Currently supported local agent CLIs:

  • Claude Code via claude
  • OpenAI Codex CLI via codex
  • Gemini CLI via gemini (best-effort support for users whose organization or API-key setup still has Gemini CLI access)
  • Antigravity CLI via agy (first-class backend; also the Gemini CLI migration path — see below)

The agy backend is supported in every role the other external agents support — --coder antigravity and --reviewer antigravity — and in skill mode (--coder antigravity / --reviewers antigravity). agy is also accepted as an alias for antigravity in these flags (e.g. --coder agy, --reviewer agy, skill --reviewers agy, run_external --agent agy); it is normalized to the canonical antigravity internally.

Gemini CLI → Antigravity migration

Google is retiring Gemini CLI consumer access (free / Google AI Pro / Ultra) on June 18, 2026; personal-account gemini usage stops working after that. Enterprise and API-key Gemini CLI paths may remain available for organizations that still have access, so this project keeps the gemini backend for those users. Individual users should use the Antigravity CLI (agy) instead — it runs the same Google account plans with its own quota model:

# install agy, authenticate, then select it as a coder or reviewer:
agent-loop pr 123 --repo OWNER/REPO --reviewer antigravity
agent-loop task "Fix the flaky test" --repo OWNER/REPO --coder antigravity --reviewer codex

Pick the model with --antigravity-model "<name>" (as listed by agy models; default Gemini 3.1 Pro (High)). When a gemini invocation fails with an auth/quota error near or after the cutoff, the tool surfaces this migration guidance. Notes: Antigravity turns are single-shot (no cross-round session resume) and report estimated token usage (agy emits no token counts).

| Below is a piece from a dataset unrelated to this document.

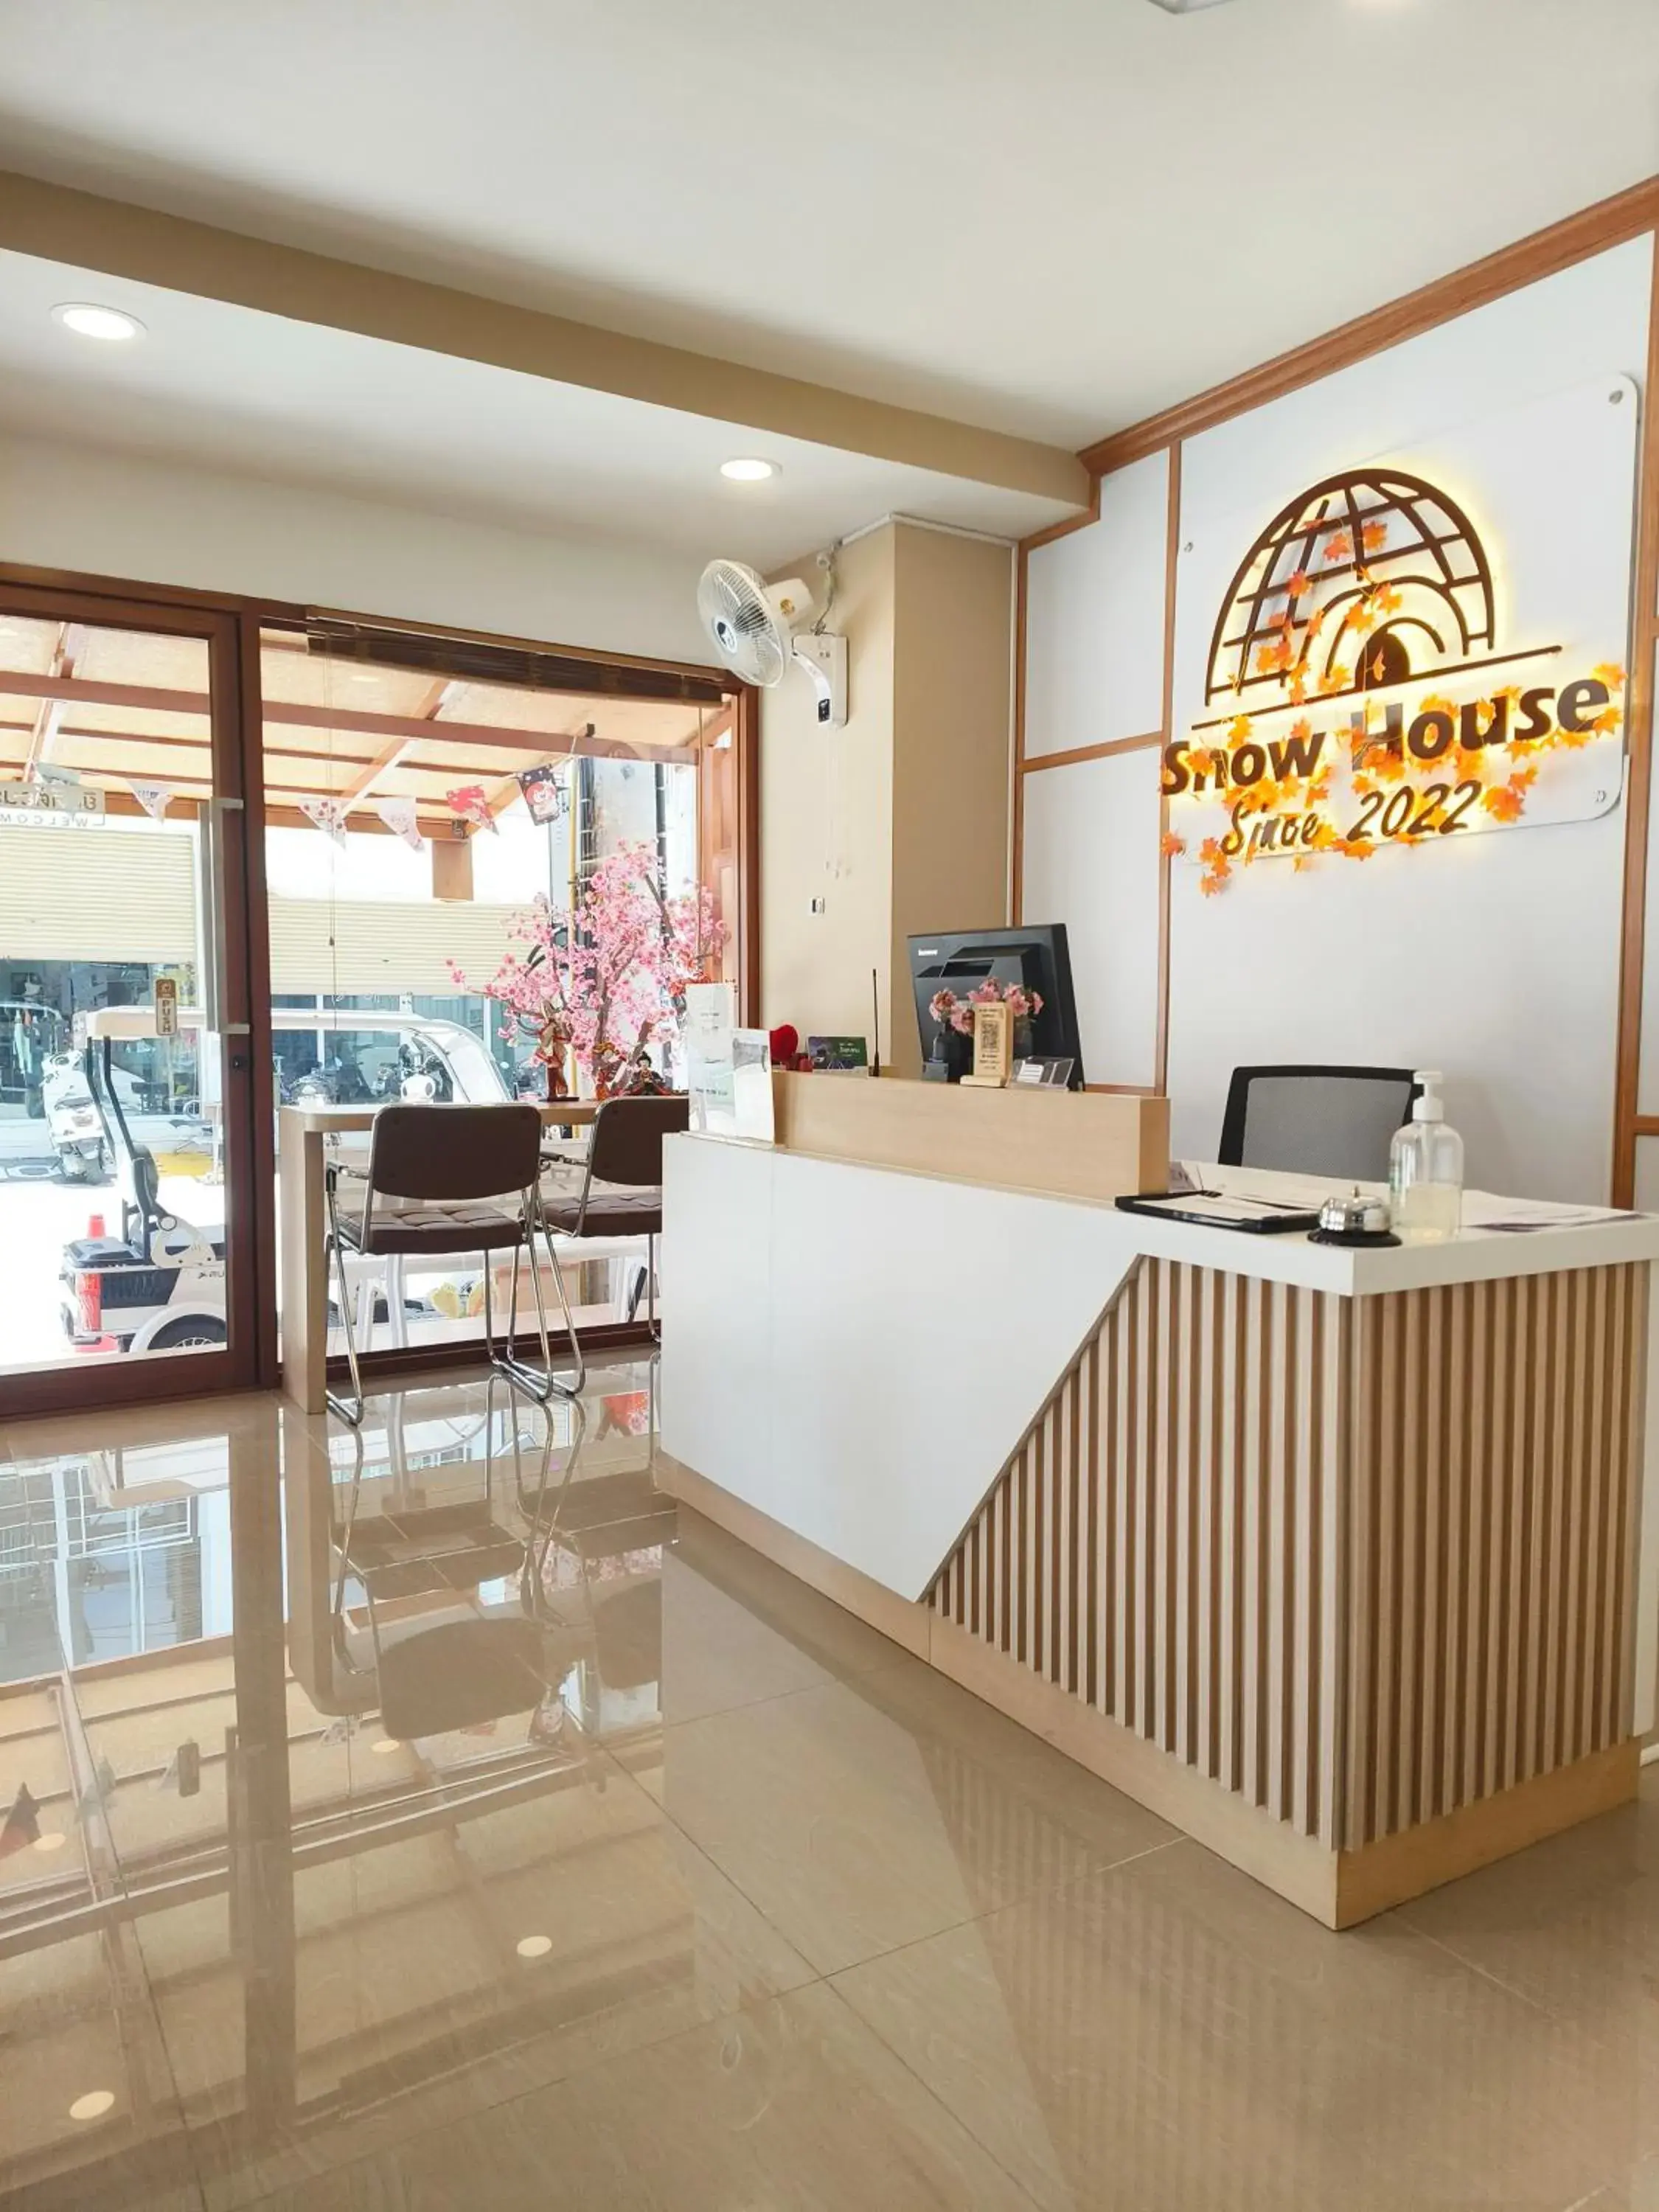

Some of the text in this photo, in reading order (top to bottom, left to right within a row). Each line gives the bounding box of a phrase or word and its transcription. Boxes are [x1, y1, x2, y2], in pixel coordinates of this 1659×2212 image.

[1161, 678, 1610, 796] Snow House
[1220, 779, 1482, 856] Since 2022
[161, 999, 171, 1033] PUSH

Direct Gemini CLI support is best-effort because maintainers without enterprise Gemini CLI access cannot reproduce live gemini failures locally. If you report a Gemini CLI-specific bug, include the exact command, the raw .agent-loop-logs/*gemini.log file, the response-file contents, the Gemini CLI version, and any sharable account/access context. Bugs that can be reduced to a log/response fixture can still be regression-tested without live Gemini CLI access.

Billing / quota note:

  • agy usage counts against a separate Antigravity-specific quota, not the same token pool as the Gemini app/chat in your subscription. The two meters are tracked independently and can diverge.
  • Your Google AI subscription tier (Pro/Ultra) raises the Antigravity limits rather than sharing one pool; the free / Google One tier is small.
  • When the included quota is exhausted, continued use draws on Google AI credits (pay-as-you-go), so monitor actual spend for the first runs.
  • Exact limits are not officially well-documented and have changed since launch — treat numbers as fluid.

Install / Use

Clone the repo first:

gh repo clone wwind123/coding-review-agent-loop
cd coding-review-agent-loop

Then install the CLI into a local virtual environment:

python3 -m venv .venv
. .venv/bin/activate
python -m pip install -e .
agent-loop --help

This installs the agent-loop command from your checkout. The tool still requires local gh, claude, codex, and/or gemini authentication depending on which agents you use.

Claude Code skill mode

Besides the headless agent-loop CLI, the repo ships a Claude Code skill that runs the same review loop directly inside an interactive Claude Code session (host Claude turns use your session instead of claude -p). It supports the reversed roles end to end: an external agent (Codex/Gemini/Antigravity) can plan, implement (one-shot, decompose, or by-phase), address blocking PR review with run-pr-fix, and hand the PR back for re-review; the host (Claude) can review. See SKILL.md for the step-by-step instructions and docs/skill_mode.md for the design overview.

Skill vs CLI — which to use

Both drive the same review loop. External agents — Codex, Gemini, and Antigravity — still run as subprocesses either way; the main difference is whether Claude's turns run as isolated claude -p calls or in the active Claude Code session.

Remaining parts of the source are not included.